Assignment: The response must consist of each line in the listing that has the word "words" in it.

Supplied data:
'''
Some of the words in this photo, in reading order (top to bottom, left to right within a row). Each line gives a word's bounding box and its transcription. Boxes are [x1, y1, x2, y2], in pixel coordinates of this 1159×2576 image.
'''
'''
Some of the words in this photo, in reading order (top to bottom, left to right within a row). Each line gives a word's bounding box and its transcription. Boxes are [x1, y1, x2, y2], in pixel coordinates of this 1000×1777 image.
'''
'''
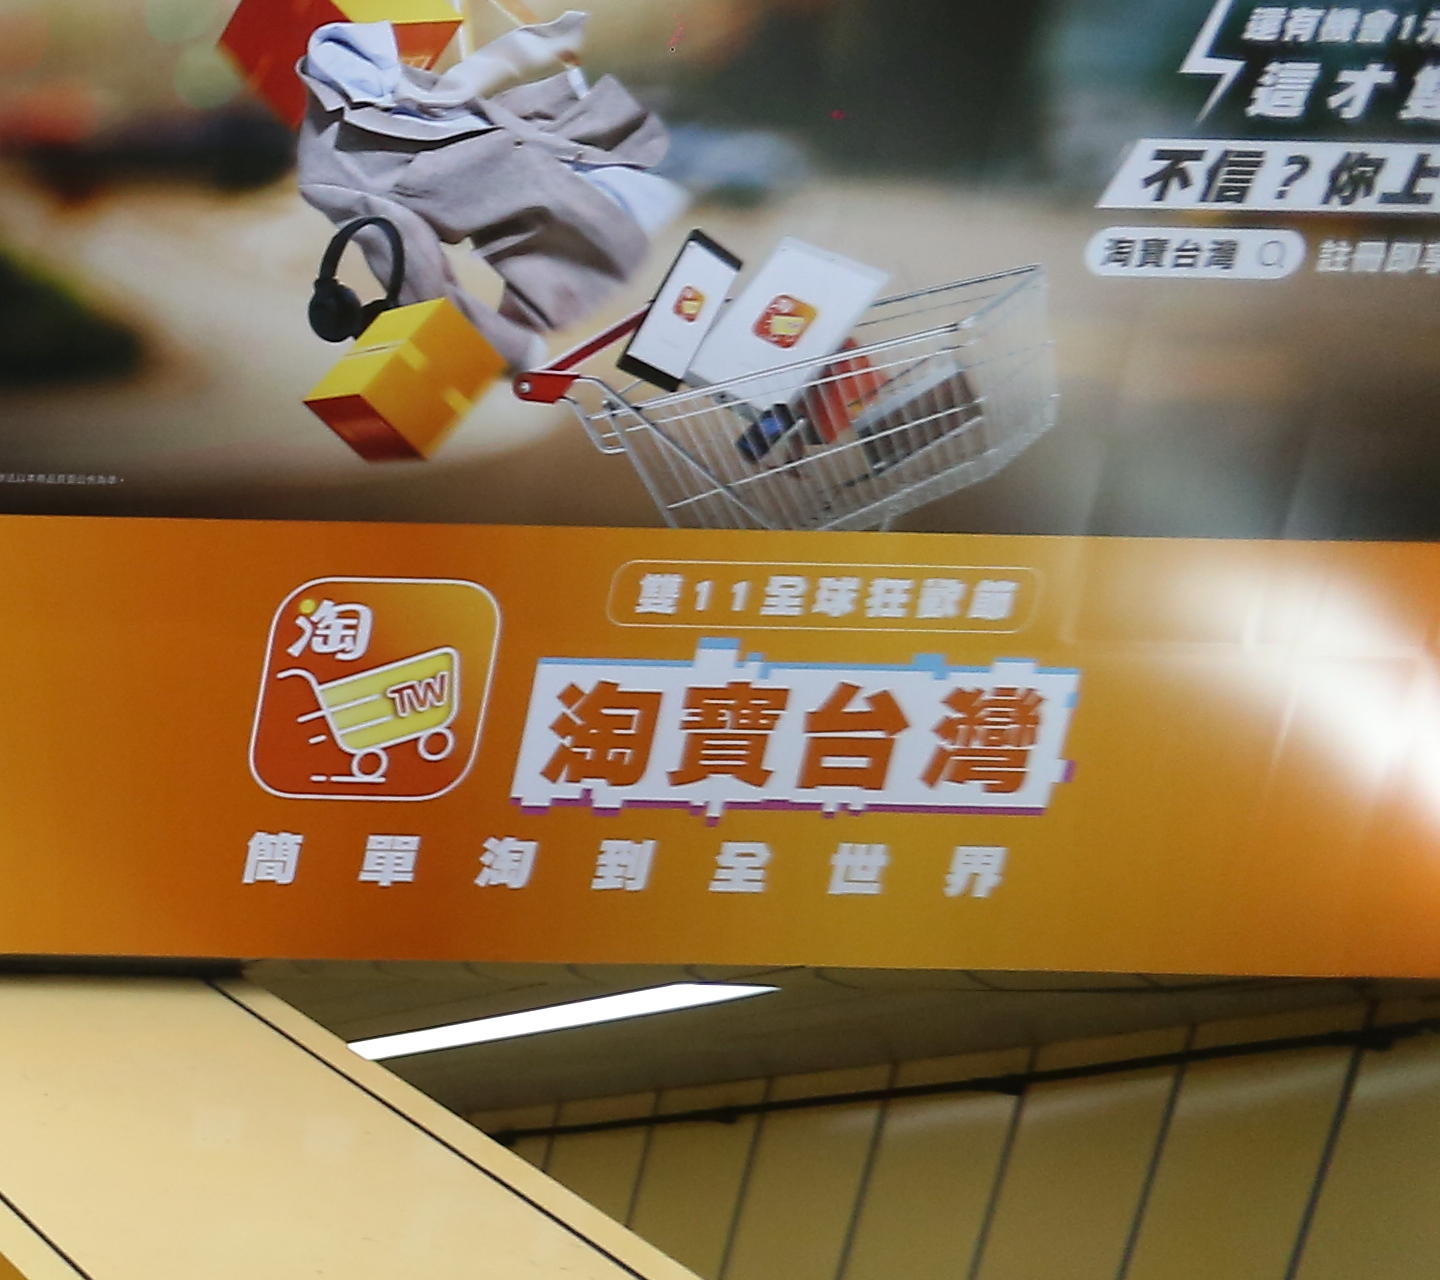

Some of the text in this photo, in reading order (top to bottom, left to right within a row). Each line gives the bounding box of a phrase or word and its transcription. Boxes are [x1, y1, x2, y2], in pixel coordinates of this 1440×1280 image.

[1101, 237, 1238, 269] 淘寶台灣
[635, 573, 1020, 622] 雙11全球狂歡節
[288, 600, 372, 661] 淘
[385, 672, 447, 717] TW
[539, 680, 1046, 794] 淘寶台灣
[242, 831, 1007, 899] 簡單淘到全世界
'''
Task solution:
Some of the words in this photo, in reading order (top to bottom, left to right within a row). Each line gives a word's bounding box and its transcription. Boxes are [x1, y1, x2, y2], in pixel coordinates of this 1159×2576 image.
Some of the words in this photo, in reading order (top to bottom, left to right within a row). Each line gives a word's bounding box and its transcription. Boxes are [x1, y1, x2, y2], in pixel coordinates of this 1000×1777 image.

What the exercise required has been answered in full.